> _Task requirements_
Omit the pictures. Print each entry below exactly.
Segment Start: Record set
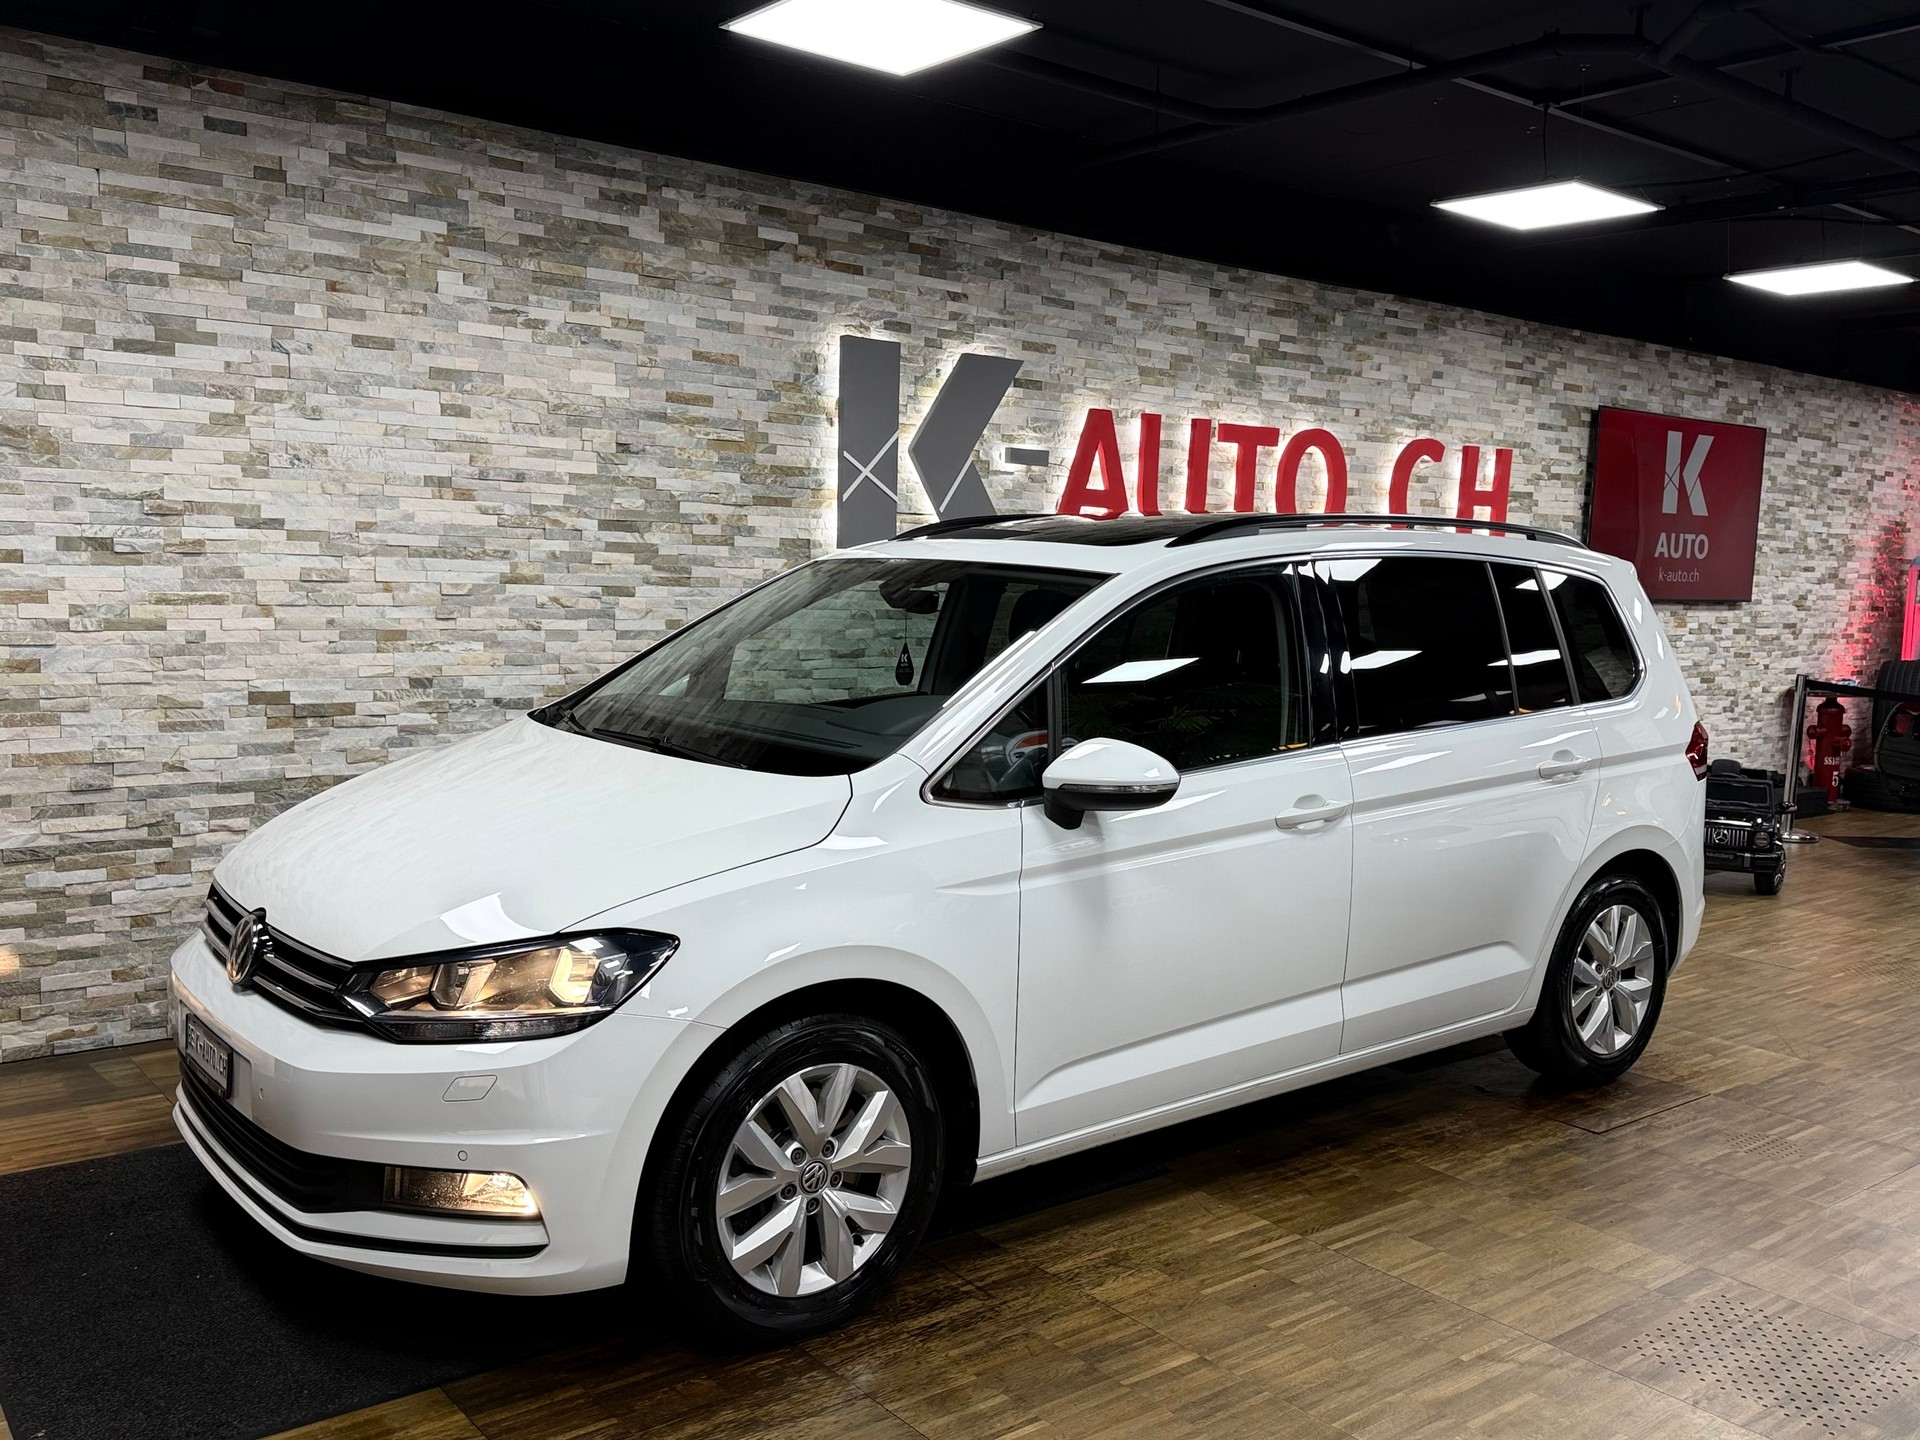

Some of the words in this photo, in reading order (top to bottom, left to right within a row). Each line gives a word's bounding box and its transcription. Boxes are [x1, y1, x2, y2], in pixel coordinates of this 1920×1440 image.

[837, 334, 1514, 549] K-AUTOCH
[1661, 430, 1715, 517] K
[1654, 532, 1709, 560] AUTO
[1658, 567, 1700, 583] k-auto.ch
[1831, 771, 1839, 787] 5
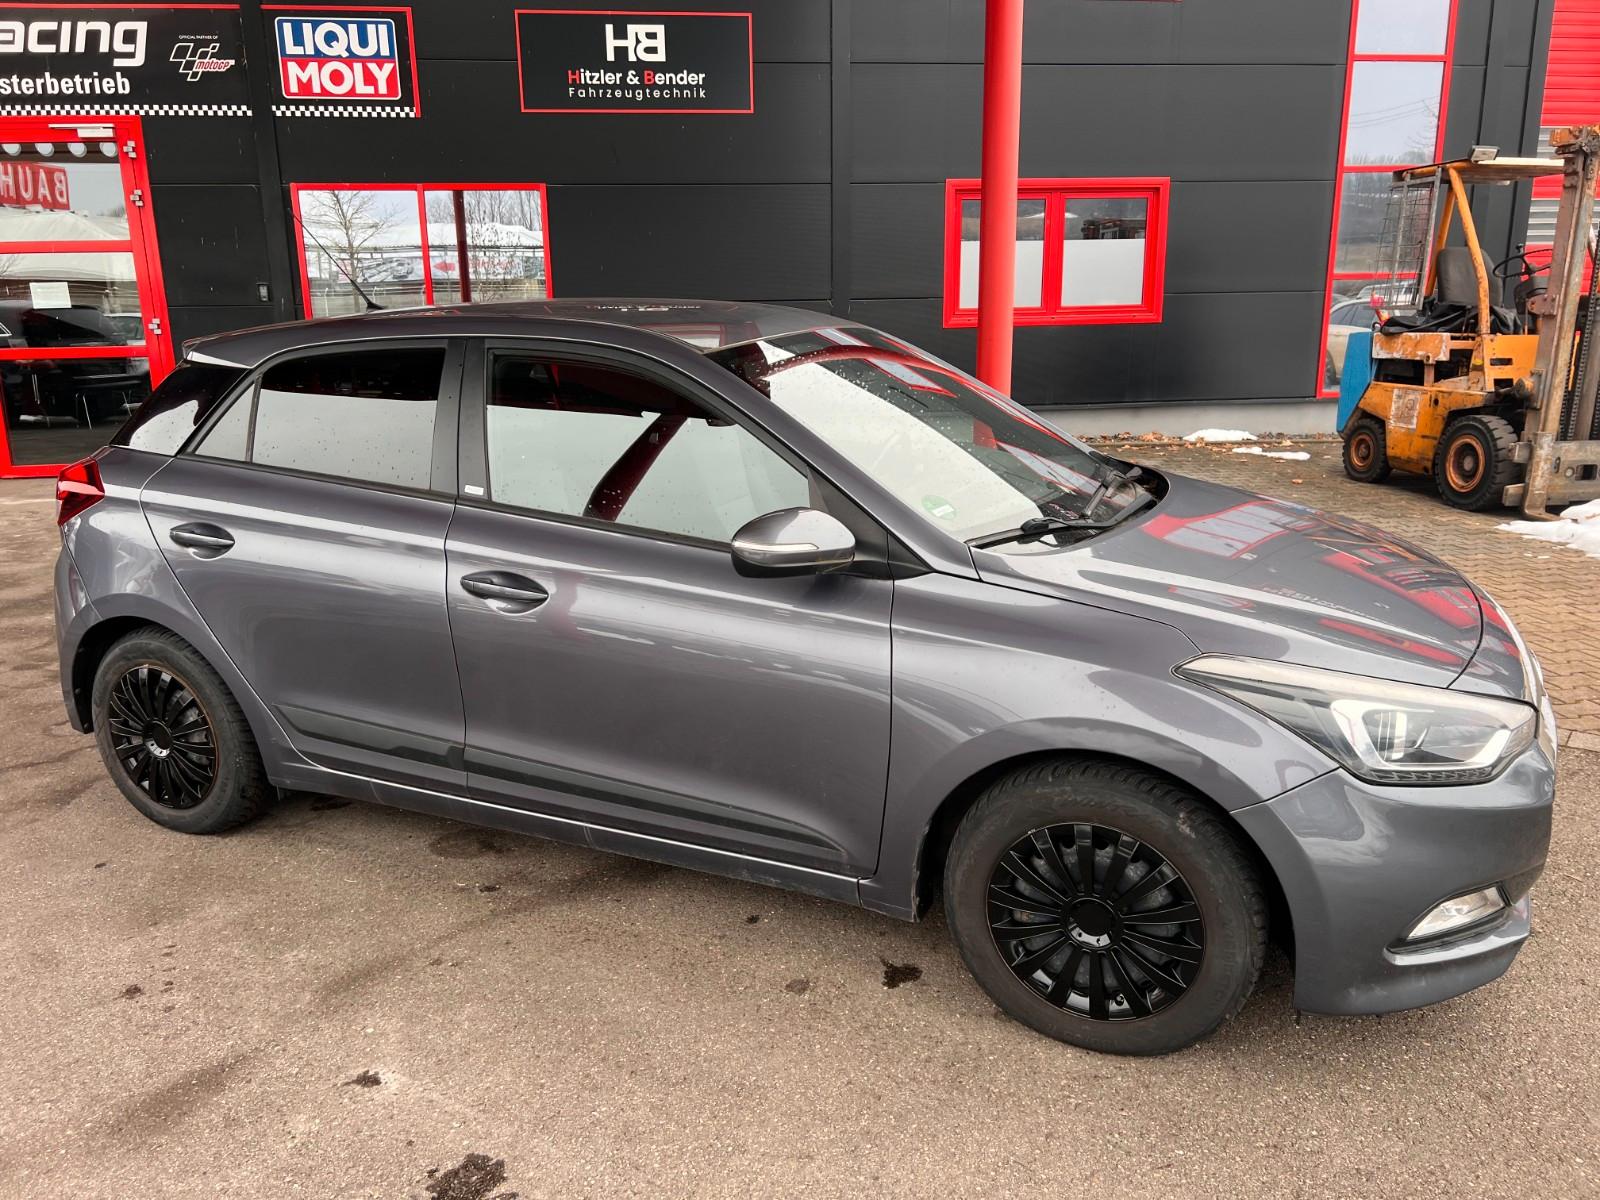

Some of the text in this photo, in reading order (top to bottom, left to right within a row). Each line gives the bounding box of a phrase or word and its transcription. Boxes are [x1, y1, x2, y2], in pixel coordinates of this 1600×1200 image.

[0, 21, 148, 67] acing
[281, 22, 390, 57] LIQUI
[0, 71, 131, 95] sterbetrieb
[286, 61, 394, 95] MOLY
[568, 69, 706, 85] Hitzler & Bender
[568, 87, 706, 101] Fahrzeugtechnik
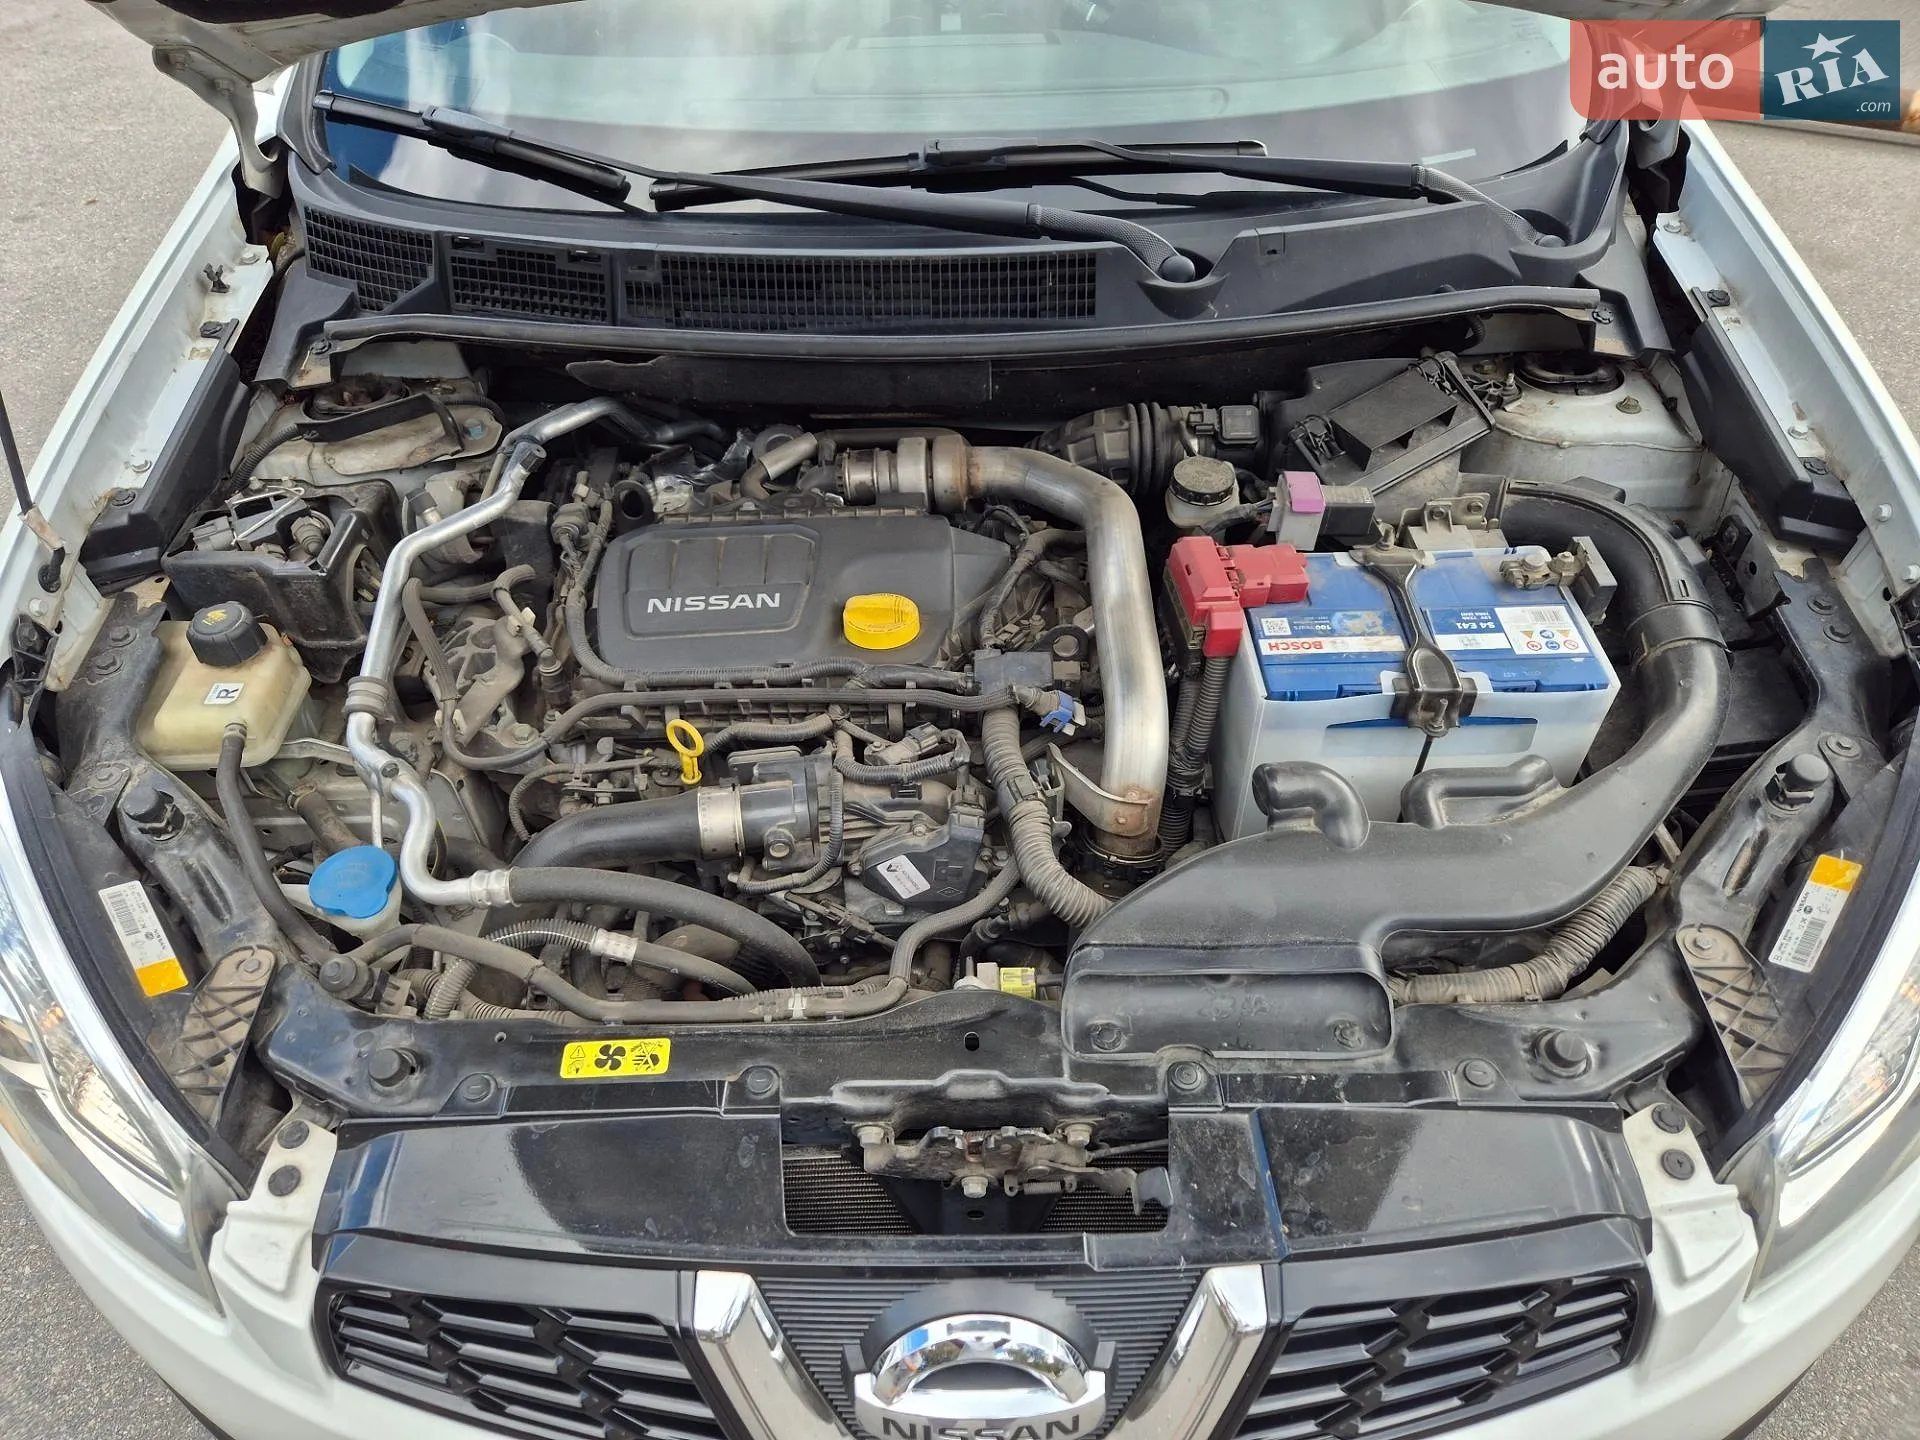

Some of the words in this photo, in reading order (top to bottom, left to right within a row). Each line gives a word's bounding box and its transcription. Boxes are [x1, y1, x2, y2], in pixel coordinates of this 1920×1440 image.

[647, 592, 781, 613] NISSAN
[1479, 621, 1496, 629] S4
[1268, 640, 1324, 651] BOSCH
[882, 1414, 1080, 1440] NISSAN
Segment End: Record set
> _Answer section_
Some of the words in this photo, in reading order (top to bottom, left to right within a row). Each line gives a word's bounding box and its transcription. Boxes are [x1, y1, x2, y2], in pixel coordinates of this 1920×1440 image.

[837, 334, 1514, 549] K-AUTOCH
[1661, 430, 1715, 517] K
[1654, 532, 1709, 560] AUTO
[1658, 567, 1700, 583] k-auto.ch
[1831, 771, 1839, 787] 5

Some of the text in this photo, in reading order (top to bottom, left to right within a row). Each line gives the bounding box of a phrase or word and its transcription. Boxes are [x1, y1, x2, y2], in pixel coordinates of this 1600×1200 image.

[0, 21, 148, 67] acing
[281, 22, 390, 57] LIQUI
[0, 71, 131, 95] sterbetrieb
[286, 61, 394, 95] MOLY
[568, 69, 706, 85] Hitzler & Bender
[568, 87, 706, 101] Fahrzeugtechnik

Some of the words in this photo, in reading order (top to bottom, left to right within a row). Each line gives a word's bounding box and its transcription. Boxes are [x1, y1, x2, y2], in pixel coordinates of this 1920×1440 image.

[647, 592, 781, 613] NISSAN
[1479, 621, 1496, 629] S4
[1268, 640, 1324, 651] BOSCH
[882, 1414, 1080, 1440] NISSAN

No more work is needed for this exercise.